Rescuers Seek More Survivors in Shipwreck

HALIFAX, Nova Scotia (Reuters) - A frigid sailor clinging to his dead
shipmate was plucked from the North Atlantic Friday as rescuers searched
for survivors of a ship that sank in stormy seas, killing at least four.

"He was hanging on to the other one," a weary Dan Bedell said from Canada's
Rescue Coordination Center in Halifax.

The sailor, suffering from extreme hypothermia, was rescued after almost 18
hours in the water. Four others, including the one he was hanging onto,
have now been found dead. Another was still missing late Friday morning.

Late Thursday night the multinational rescue team had saved nine other
sailors who had managed to get into a covered raft as they abandoned the
bulk carrier Vanessa at around noon EDT, and thus had not been in the
chilly waters.

The six members of the 15-man crew who did not make it onto rafts were
apparently swept overboard with only lifejackets and no thermal insulation,
Lt. Cmdr. Glenn Chamberlain said from the Rescue Center in Halifax.

The survivor, who had been bobbing in water of about 62 F, was taken aboard
the Canadian patrol vessel Cape Roger shortly before 6 a.m. EDT.

"One has survived and that definitely gives us hope," Chamberlain said.
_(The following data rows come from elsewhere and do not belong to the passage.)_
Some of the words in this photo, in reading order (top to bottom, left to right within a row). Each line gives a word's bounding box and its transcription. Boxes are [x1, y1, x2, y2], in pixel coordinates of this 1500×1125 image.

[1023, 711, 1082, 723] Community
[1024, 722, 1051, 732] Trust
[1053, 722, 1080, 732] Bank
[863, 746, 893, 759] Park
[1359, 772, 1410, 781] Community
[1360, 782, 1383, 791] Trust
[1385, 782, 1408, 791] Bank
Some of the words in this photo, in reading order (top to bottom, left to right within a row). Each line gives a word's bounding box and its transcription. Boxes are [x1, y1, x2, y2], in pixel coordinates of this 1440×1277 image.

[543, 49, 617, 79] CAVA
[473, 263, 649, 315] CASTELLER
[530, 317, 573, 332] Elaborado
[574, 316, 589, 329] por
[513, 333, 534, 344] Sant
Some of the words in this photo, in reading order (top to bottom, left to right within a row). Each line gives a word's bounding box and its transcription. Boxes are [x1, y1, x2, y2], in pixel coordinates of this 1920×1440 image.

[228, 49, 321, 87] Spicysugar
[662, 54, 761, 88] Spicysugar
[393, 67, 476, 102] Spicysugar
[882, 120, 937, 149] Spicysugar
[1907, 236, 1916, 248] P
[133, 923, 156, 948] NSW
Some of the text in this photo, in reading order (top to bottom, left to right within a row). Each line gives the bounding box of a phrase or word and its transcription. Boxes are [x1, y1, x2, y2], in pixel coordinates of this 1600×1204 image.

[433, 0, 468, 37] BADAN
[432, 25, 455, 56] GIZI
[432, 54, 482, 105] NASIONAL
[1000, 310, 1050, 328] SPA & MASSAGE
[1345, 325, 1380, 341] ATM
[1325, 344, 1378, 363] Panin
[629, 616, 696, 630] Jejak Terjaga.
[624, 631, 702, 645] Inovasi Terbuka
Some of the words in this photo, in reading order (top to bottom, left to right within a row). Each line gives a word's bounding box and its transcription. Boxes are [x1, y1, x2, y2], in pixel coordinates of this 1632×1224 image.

Search-and-rescue medical experts were parachuted in to the boat to try to
warm him up and stabilize his condition.

Six civilian ships had gathered to comb the area, aided by three long-range
military aircraft, two from Canada and one from the United States.

Located 450 nautical miles off the Newfoundland coast, the sailors were out
or range of Canada's aged search-and-rescue helicopters. The sailors were,
however, in the Gulf Stream in much warmer water than that closer to the
Canadian coast.

Chamberlain pointed out that the water was still chilly and the waves
rough, making it difficult to survive for an extended period of time.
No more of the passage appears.